Even though my Mom, June Steves, passed away in 2011, she remains a huge presence. When I think of how my Mom catapulted me into the wonderful life I’ve enjoyed, it was she who first took me to Europe. While my Dad was busy doing business with European piano-builders (he imported pianos), Mom was my first travel partner. (Dad was the big personality — the lead character in most stories in our family lore. But it was Mom who made sure we caught the plane, had our documents, stayed safe, and were well-fed.)
Back when I was a 14-year-old who had hardly set foot on an airplane, together we were immersed in the wonders of Europe. On that first dip into Europe, Mom and I stood in front of our first hotel in the Netherlands watching bicyclists gather at a stoplight on the way to the fields — wooden shoes filling their little handlebar baskets. Mom helped me collect a cigar box full of artfully designed beerhall coasters, tiny coins with donut holes, and sugar cubes wrapped with advertising from the restaurants we visited all over Europe. Together we collected souvenir pins to ornament my Bavarian felt hat.
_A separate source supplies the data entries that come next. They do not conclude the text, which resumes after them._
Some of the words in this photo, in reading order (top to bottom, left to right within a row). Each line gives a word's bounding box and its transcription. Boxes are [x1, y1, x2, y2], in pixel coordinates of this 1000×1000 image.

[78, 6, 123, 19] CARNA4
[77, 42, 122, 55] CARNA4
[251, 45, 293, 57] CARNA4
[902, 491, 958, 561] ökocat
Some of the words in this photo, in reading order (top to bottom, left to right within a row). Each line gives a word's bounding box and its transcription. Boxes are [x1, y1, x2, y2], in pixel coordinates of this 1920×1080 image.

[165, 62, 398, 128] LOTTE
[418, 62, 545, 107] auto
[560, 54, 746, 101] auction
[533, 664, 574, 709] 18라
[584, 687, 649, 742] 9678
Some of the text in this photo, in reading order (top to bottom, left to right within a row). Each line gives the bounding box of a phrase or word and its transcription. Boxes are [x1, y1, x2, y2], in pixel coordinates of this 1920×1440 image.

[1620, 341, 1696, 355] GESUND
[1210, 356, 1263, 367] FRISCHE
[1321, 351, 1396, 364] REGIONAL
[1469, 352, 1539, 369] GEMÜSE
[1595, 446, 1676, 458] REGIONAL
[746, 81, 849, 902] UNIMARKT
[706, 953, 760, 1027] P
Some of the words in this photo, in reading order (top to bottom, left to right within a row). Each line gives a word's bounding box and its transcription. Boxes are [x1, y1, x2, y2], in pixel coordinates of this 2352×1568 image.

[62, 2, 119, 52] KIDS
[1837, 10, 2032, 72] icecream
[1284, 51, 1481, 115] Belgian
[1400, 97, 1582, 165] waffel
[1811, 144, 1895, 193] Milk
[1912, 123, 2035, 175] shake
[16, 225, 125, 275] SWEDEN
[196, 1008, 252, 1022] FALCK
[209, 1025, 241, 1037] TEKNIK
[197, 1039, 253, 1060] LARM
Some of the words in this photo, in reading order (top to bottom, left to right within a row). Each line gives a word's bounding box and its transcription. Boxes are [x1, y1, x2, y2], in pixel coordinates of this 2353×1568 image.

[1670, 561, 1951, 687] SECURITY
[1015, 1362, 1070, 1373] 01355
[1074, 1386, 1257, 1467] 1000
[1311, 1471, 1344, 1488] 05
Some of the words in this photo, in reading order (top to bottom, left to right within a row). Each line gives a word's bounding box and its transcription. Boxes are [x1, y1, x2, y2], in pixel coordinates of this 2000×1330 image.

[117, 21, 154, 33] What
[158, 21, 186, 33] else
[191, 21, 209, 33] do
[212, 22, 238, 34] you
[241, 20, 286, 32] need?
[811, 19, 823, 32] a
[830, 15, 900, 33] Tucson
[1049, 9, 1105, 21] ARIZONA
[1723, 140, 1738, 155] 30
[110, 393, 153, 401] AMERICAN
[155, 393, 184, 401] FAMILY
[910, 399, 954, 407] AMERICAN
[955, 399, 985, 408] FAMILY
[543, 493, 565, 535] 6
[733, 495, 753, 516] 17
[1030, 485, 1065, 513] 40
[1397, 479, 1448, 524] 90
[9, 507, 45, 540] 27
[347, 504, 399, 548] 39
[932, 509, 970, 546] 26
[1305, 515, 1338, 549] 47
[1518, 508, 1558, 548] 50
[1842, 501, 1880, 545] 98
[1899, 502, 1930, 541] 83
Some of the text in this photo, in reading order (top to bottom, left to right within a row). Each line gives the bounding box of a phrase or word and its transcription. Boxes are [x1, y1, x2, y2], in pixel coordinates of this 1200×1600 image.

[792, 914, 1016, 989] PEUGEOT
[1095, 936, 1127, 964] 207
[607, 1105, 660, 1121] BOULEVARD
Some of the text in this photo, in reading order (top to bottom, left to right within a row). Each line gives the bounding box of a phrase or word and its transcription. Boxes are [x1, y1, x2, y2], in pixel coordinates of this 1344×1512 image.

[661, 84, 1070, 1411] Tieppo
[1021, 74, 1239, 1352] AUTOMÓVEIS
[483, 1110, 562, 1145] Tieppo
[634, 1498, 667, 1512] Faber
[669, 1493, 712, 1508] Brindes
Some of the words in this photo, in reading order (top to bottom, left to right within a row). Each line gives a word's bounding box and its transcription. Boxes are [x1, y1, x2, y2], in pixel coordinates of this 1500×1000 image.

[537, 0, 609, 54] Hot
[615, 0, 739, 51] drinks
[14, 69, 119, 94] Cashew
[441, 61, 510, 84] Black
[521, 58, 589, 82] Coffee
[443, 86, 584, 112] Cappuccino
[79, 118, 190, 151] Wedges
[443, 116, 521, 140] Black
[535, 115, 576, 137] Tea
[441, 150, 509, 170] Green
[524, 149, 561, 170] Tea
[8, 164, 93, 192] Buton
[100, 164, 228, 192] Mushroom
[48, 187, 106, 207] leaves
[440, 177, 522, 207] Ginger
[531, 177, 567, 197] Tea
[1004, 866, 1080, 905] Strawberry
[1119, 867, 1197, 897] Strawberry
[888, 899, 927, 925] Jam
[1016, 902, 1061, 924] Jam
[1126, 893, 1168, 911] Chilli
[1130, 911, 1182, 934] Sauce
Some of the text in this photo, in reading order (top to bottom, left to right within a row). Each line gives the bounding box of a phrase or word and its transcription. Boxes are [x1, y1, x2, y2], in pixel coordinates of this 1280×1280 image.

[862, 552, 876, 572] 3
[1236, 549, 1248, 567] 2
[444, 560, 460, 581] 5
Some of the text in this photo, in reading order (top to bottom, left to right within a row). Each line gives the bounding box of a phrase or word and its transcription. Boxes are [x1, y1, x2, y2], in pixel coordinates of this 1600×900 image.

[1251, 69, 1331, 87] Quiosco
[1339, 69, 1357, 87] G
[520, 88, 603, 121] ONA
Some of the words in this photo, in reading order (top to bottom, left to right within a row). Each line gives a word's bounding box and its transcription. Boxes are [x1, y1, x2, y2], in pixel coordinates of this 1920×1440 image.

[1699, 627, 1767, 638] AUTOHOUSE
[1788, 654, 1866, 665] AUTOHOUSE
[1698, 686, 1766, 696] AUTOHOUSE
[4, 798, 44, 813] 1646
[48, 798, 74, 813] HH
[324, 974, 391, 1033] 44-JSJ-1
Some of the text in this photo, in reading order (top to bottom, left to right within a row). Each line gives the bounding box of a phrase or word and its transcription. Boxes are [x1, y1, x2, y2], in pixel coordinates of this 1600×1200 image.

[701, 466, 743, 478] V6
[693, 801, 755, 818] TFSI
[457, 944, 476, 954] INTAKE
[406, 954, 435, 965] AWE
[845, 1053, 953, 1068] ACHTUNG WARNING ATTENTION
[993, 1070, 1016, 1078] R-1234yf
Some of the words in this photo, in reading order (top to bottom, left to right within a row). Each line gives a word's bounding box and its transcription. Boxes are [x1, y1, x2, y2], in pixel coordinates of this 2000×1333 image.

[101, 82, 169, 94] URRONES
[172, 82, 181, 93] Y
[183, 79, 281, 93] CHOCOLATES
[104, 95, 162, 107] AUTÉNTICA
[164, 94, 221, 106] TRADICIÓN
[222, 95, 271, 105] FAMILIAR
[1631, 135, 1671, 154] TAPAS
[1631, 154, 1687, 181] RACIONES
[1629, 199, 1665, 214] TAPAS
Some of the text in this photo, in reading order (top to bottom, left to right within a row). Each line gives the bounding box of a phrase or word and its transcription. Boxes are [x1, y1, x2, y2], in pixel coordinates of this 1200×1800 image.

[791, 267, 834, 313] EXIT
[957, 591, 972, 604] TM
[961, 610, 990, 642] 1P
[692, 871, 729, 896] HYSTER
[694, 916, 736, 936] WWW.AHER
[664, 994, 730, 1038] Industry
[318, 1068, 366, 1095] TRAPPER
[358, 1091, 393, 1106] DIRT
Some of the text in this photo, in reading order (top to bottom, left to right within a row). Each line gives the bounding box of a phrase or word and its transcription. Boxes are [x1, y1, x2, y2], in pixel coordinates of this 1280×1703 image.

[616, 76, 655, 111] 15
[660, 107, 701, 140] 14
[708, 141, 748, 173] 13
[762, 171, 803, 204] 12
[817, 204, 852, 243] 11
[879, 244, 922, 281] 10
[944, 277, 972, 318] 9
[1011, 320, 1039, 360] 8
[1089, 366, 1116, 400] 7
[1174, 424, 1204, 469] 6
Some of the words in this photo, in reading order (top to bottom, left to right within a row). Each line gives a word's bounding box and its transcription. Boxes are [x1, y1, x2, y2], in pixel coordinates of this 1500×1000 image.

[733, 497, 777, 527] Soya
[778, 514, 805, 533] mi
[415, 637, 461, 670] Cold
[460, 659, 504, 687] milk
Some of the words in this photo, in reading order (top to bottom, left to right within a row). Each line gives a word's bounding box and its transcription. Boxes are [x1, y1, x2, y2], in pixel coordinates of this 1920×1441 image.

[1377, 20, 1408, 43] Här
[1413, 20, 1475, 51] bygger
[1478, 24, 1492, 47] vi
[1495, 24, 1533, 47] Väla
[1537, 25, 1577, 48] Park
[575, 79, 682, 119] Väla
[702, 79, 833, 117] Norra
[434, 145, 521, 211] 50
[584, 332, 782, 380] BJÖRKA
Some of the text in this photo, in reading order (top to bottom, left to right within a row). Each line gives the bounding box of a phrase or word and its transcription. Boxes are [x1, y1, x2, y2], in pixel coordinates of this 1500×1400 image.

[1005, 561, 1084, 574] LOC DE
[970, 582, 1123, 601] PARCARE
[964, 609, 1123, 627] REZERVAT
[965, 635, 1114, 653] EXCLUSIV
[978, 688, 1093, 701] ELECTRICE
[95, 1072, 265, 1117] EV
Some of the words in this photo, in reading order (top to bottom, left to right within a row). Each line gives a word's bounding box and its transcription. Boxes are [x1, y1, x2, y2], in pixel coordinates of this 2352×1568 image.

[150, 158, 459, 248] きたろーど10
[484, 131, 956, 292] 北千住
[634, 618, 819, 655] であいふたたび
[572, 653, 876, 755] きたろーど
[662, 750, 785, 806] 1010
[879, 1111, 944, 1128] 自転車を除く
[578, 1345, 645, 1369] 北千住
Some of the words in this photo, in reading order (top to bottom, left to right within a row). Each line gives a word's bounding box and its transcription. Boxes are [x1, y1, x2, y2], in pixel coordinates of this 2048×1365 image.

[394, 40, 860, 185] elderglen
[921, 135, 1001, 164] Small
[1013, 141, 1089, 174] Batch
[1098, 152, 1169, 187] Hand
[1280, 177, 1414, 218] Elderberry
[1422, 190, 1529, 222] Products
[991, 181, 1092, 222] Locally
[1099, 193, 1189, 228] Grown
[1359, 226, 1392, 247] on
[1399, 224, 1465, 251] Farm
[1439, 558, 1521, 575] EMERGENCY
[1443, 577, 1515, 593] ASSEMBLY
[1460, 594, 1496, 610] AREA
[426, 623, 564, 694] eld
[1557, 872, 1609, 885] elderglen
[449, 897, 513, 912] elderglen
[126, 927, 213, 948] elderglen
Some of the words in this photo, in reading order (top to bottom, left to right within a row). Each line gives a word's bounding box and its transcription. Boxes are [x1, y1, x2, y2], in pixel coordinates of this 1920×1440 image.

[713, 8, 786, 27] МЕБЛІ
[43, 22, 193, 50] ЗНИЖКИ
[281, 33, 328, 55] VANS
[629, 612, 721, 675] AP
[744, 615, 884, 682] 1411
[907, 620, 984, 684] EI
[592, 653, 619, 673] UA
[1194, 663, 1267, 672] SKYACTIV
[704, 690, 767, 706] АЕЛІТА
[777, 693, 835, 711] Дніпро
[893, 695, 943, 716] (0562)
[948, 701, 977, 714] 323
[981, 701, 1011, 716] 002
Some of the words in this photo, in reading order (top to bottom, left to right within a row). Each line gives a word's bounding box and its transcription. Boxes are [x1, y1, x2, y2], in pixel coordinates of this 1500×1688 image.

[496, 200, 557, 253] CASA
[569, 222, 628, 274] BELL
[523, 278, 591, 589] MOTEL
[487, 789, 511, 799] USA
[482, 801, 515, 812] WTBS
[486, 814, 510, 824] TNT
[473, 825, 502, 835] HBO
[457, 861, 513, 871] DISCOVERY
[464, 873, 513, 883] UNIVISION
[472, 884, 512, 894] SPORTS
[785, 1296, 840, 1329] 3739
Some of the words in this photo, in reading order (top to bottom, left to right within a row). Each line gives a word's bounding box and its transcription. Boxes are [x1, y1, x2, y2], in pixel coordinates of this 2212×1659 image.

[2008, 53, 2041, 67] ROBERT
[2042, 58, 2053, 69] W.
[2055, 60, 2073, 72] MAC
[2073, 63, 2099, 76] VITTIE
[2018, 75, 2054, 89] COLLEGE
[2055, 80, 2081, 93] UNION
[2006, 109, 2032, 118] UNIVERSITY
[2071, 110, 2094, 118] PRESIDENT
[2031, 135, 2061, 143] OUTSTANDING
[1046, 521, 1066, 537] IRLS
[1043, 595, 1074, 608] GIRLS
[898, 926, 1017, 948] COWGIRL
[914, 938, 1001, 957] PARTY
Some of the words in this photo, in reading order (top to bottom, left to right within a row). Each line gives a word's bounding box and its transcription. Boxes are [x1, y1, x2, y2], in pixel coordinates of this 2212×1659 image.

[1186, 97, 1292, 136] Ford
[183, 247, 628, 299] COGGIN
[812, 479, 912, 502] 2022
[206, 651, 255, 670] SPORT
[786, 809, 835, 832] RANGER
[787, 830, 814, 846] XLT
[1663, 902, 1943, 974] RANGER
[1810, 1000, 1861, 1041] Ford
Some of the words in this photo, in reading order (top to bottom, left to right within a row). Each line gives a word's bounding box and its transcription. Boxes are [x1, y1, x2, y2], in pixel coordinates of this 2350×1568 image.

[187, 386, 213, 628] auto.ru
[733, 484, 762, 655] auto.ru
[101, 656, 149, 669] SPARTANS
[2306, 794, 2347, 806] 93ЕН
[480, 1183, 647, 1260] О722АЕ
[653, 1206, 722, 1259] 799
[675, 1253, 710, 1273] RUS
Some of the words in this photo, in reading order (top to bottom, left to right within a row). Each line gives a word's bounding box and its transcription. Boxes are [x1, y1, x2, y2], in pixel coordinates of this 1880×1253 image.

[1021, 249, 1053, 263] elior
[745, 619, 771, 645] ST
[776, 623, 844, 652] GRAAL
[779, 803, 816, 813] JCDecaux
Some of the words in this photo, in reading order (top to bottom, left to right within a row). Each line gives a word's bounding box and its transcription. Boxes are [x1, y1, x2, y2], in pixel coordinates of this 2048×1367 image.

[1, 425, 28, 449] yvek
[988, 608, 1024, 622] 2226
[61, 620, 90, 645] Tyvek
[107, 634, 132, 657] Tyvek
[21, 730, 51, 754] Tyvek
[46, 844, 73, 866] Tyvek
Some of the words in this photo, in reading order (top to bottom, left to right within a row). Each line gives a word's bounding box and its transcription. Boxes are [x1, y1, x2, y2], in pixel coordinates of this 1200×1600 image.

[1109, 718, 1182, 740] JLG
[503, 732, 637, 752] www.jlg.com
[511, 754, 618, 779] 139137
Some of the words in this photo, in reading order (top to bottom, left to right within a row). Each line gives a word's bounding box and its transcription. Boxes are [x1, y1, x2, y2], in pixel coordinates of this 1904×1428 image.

In Paris, pondering the grand monuments, Mom and I puzzled at buildings that looked both new and ancient — built in the Neoclassical style…the style of ancient Rome, but dating only from the age of Napoleon. Venturing into our first subway ride ever, we found our way to a stop called Trocadéro, emerged, turned the corner, and simultaneously set eyes for the first time on the jaw-dropping Eiffel Tower. Like playmates in a wonderous park, we spontaneously held hands and ran toward that towering icon…as if entering a dream come true.
When friends in Germany gave us a tin of white asparagus, we poked at it and marveled together at what looked like a rare albino vegetable. And, with Norwegian relatives, we traveled to the fjord where we found the actual house from where my mother’s mother left for the “New Land” — in her case, Canada.
On that first trip, I was attached to my Mom — literally — as back then a mother and her child could share the same passport. And flying home from that first foreign adventure, I have a hunch my Mom had a hunch she had helped plant in me a seed that would sprout into a lifelong passion for travel.
One of my favorite photos is of me and my Mom with our hosts in Austria in a dusty village on the border of communist Hungary. It was 1969, and Mom had just introduced me a man (far left) who claimed to have witnessed the assassination of Archduke Franz Ferdinand in 1914, which kicked off World War I. Whether he actually saw it or not, the story he told had me wide-eyed — and when I look back on it, I think it was a pivotal moment in my life that directed me toward my history degree and a passion for learning and teaching through thoughtful travel.
My Mom — who, on her first trip ever to Europe, took better care of me than herself — gave me the gift of making the world, past and present, my friend through travel. Thanks, Mom. While I’d love more than ever to share a trip with you right now, I’ll always pack you along in spirit. I love you.